Dans votre film CRASHING WAVES, vous questionnez le cinéma et sa fabrication. Votre point de départ est constitué de nombreux témoignages de cascadeurs. Pourquoi vous êtes-vous intéressée à ces figures de l’ombre ?
Le fait d’être à Los Angeles au milieu de l’industrie cinématographique m’a fait réfléchir au fait que la fabrication d’images façonne la ville et le monde. Je pensais également au décalage entre une représentation cinématographique et l’expérience vécue de la création d’une représentation – l’expérience de traverser la ville était bien différente des représentations lisses qu’on retrouve dans les films. À l’époque, je menais aussi des recherches sur l’histoire des représentations des Saintes dans l’Église catholique – les Saintes sont souvent représentées comme soumises à la violence dans un état de passivité. J’avais pensé à une analogie contemporaine entre l’imagerie des Saintes et la reconstitution de la violence au cinéma. Le secteur des cascadeurs fournit à Hollywood des gens qui peuvent sans cesse recréer la mort pour nous, ce qui permet aux spectateurs d’échapper l’espace d’un instant à la peur de leur propre mort. Je tenais à échanger avec certain.e.s d’entre elles/eux, et une amie m’a présentée à Jess, Court, et Kelli, trois personnes queer non-binaires qui étaient des ami.e.s proches et des collaboratrices-teurs. Je me suis rendu compte que donner l’illusion de la violence était souvent dangereux et leur travail était quasi invisible. De plus, iels sont super cools – iels font souvent du surf, de la moto tout-terrain ou du skateboard ensemble. Kelli était quarterback pour l’équipe de football américain de son lycée, Jess faisait de l’athlétisme à l’université, et Court a été formé.e au Ballet de New York. C’est incroyablement difficile d’être une femme athlète, c’est une des raisons pour laquelle iels ont commencé la cascade.

Pourquoi au final n’avoir gardé qu’un seul témoignage ? Comment avez-vous travaillé avec cette matière ?
Au début, il y avait d’autres témoignages. Court m’avait raconté une expérience sur un tournage lors de laquelle iel devait porter des talons hauts, une mini-jupe et un haut court tout en traversant les rues de Séoul sur une moto lancée à toute vitesse sous la pluie. Les hommes sont habituellement responsables de la sécurité, mais les femmes ou cascadeurs non binaires doivent souvent jouer des rôles hyper sexualisés pour répondre aux besoins du scénario. La façon dont ces éléments interagissent me fascinait. En ce qui concerne le témoignage de Jess, le réalisateur voulait que la cascade soit un plan séquence – ce qui rendait la chose encore plus périlleuse.

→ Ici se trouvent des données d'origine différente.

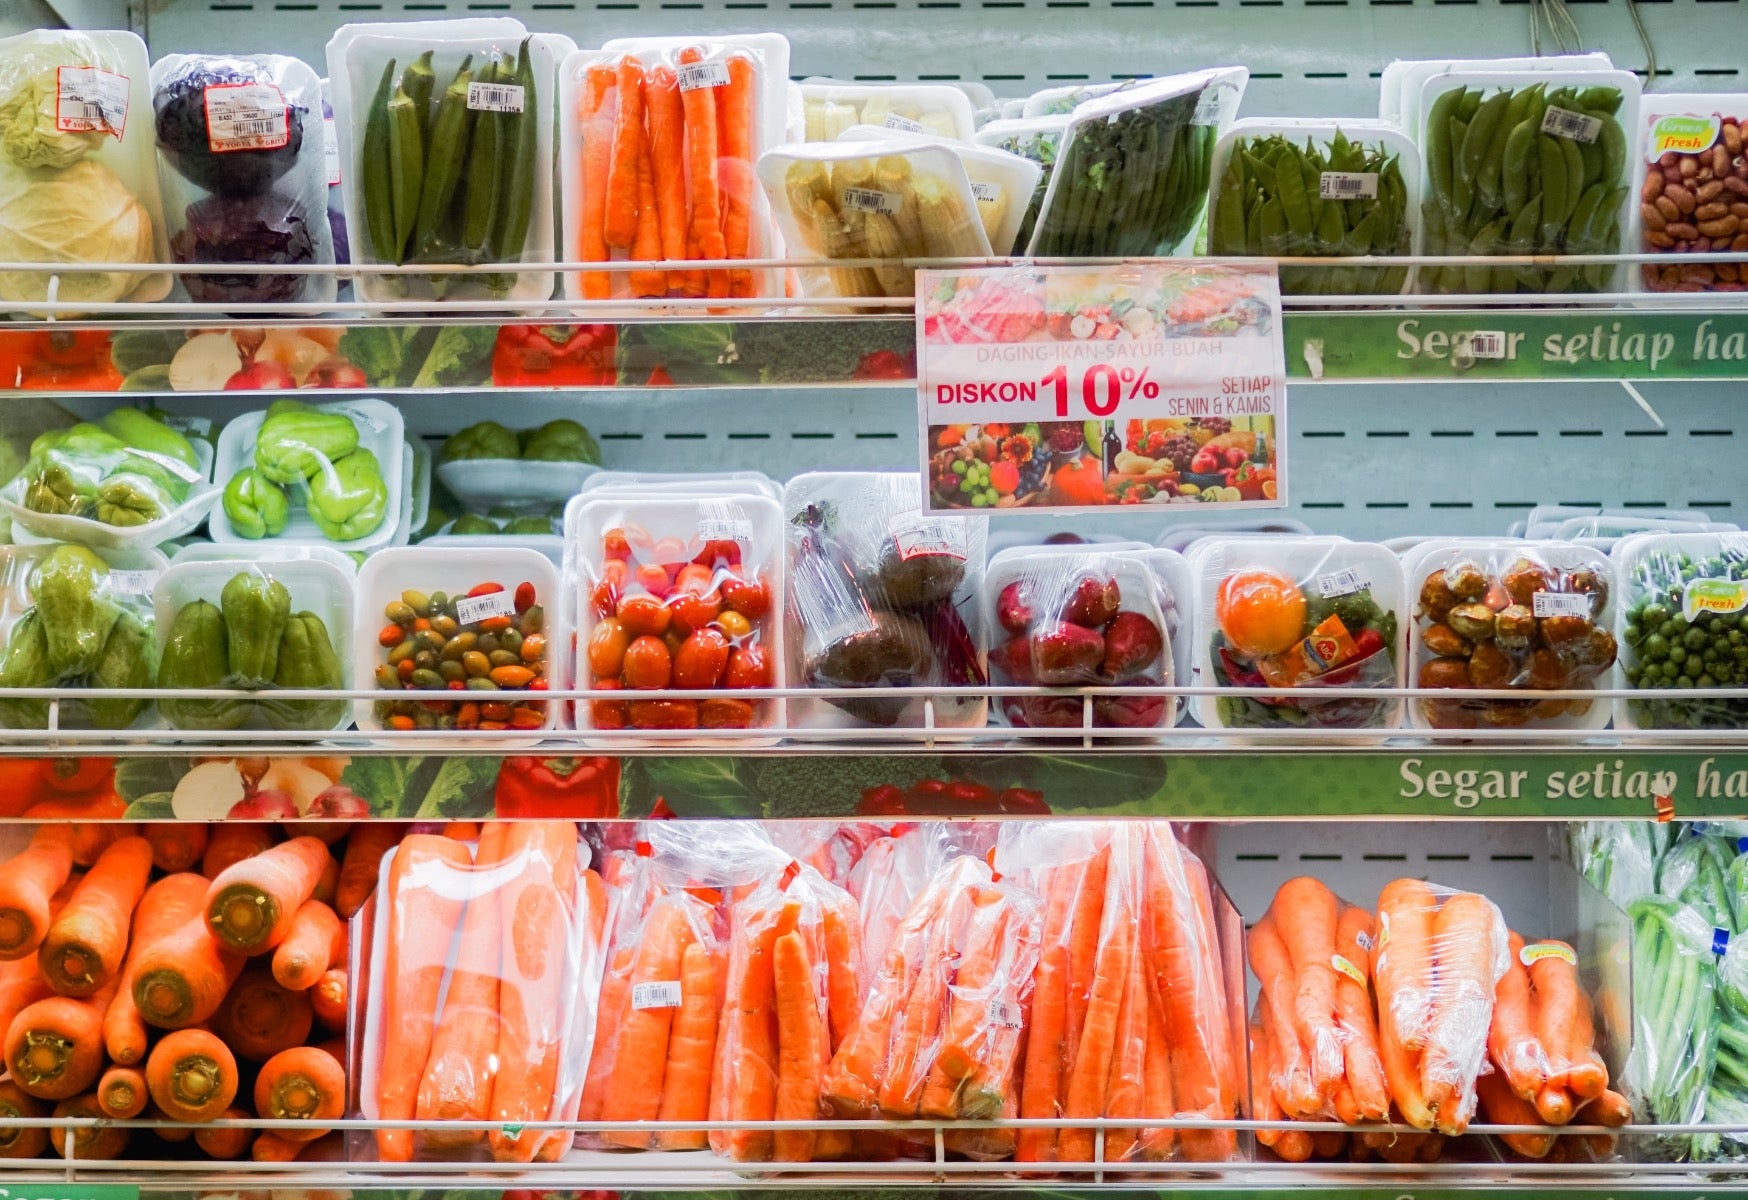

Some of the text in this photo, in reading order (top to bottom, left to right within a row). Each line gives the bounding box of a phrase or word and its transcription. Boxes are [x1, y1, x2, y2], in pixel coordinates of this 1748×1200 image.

J’ai fini par ne garder que son témoignage parce que je voulais intégrer tous ces détails. Et cette histoire se mariait bien à la sublime image de l’océan, une sorte de vue du ciel hitchcockienne de Point Dume – haut lieu du tourisme à Malibu.

L’économie d’images, une structure en trois parties, l’insistance sur les vagues qui déferlent dans le titre. Qu’est-ce qui vous a menée à cette forme conceptuelle et minimaliste ?
Je dirais que je commence la plupart du temps avec beaucoup d’éléments dont je me dépars après. Ce n’est que lors du deuxième entretien, où Jess parle de l’importance de l’estime de soi et de la solidarité envers autrui, que j’ai su que c’était l’élément clé – l’éthique de la solidarité. Pour mettre ça en avant, j’ai seulement intégré un plan que j’ai tourné – celui de l’océan. Il y a une sorte de fondu enchaîné entre le
témoignage de Jess et le plan de l’océan d’Alex, puis l’océan envahit l’écran, et le seuil des vagues a évoqué chez moi comme une métaphore d’autres seuils – ceux du réel. Les cascadeuses-eurs créent une illusion mais doivent toutefois composer avec le réel. Il y a seulement un noir au début pour effacer l’image du corps de Jess. J’avais en tête le film de Yvonne Rainer Film About A Woman Who dans lequel elle refuse de montrer le corps de la femme.

Même si les cascadeuses-eurs font partie de la fabrication des films et de l’illusion qu’offre le cinéma, qu’est-ce qui vous a menée à les choisir plutôt que d’autres corps de métier ?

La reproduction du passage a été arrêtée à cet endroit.